Monday 22 May 2017
With the football season over we can take a holiday without missing a match – so this is an inexpensive Monday to Friday break.
We are taking another cheap(ish) and this time short holiday. It is Monday to Friday courtesy of the Daily Mail special offer which including a few extras has cost about £80 for a caravan at Challaborough which is on the coast on the western side of the South Devon Area of Outstanding Natural Beauty, west of Kingsbridge and south of Ivybridge.
Unfortunately we are badly held up on the M3 due to an accident near Basingstoke. Heading west means the dear old A303 and it is a bright sunny morning which is a great start to any holiday but as we were held up we have to move along at the speed limit. As it is on the way to our eventual destination I have planned a trip on what is now known as the South Devon Railway but when I first visited the line in the late sixties it was known as the Dart Valley Railway. When we do arrive Jackie is unimpressed by the catering offering as she gets some sandwiches for us to eat during our rail journey.

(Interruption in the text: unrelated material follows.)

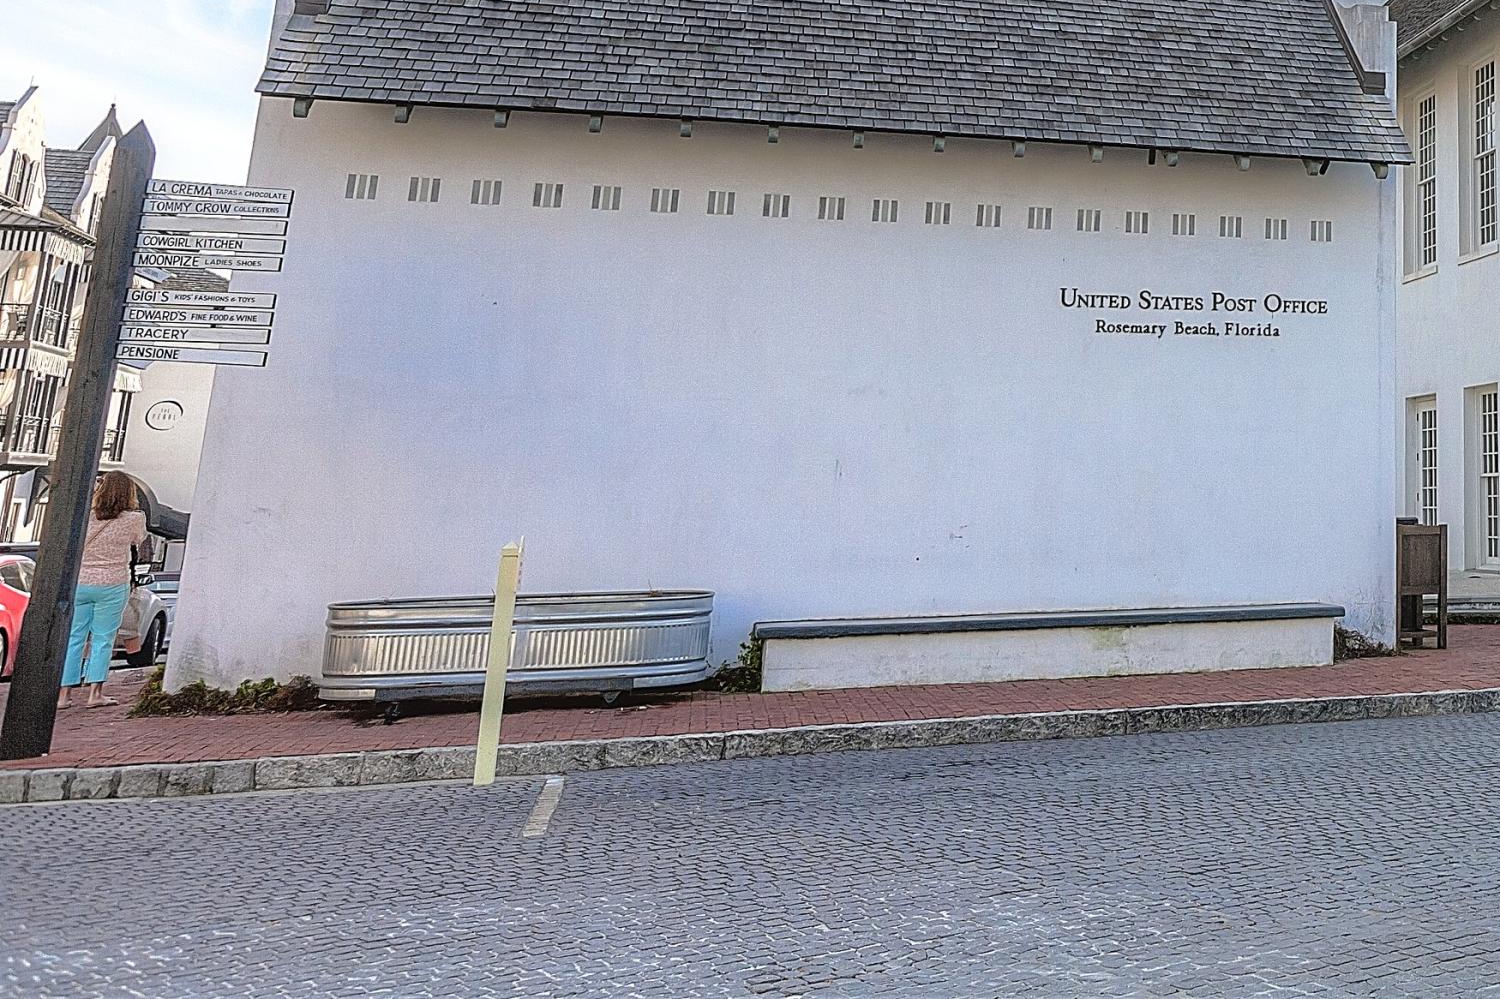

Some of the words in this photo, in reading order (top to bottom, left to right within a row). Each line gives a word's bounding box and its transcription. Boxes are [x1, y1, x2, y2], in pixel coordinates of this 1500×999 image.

The railway looks nothing like that early visit or even a subsequent trip in the early nineties. On that first trip it was possible to walk around the out of use stock and nothing was undercover. Like other preserved railways, it can no longer pretend to be a quiet bucolic branch line as patronage is now, even on a sunny but non-holiday Monday, vastly greater than the passenger numbers pre-closure.
The trains now run to Totnes Riverside and here the changes are even more dramatic; flower beds on the platform and sign posts to attractions as well as clear routes to the mainline railway; I don’t think we even went that far on the first visit. Working of the branch line into Totnes itself proved too costly and the railway retrenched to their own station. My photos of the railway are here.
With the return train trip completed we motor on from Buckfastleigh, more south than west to our destination at Challaborough Bay Holiday Park. This is at the end of some narrow roads so we get quite close to the hedges and with traffic coming the other way keep needing to find reverse gear. And of course sometimes it is walls and not hedges so even more care is needed, especially with a couple of blind corners!
In the evening we dine at the Oyster Shack. Finding it requires travelling along some very narrow roads, one of which is called Tidal Road alongside the edge of River Avon – and there is water across the road at various points.
I started with some breaded whitebait and here is my main course of crab linguine with spring vegetables which was very nice.
Jackie wanted hake but there was none available. In its place she had yummy cod:
And to ensure we knew we were at the seaside here is the ice bucket:
Photos come once again from Jackie’s camera.
We find a slightly different route back with a few less back roads!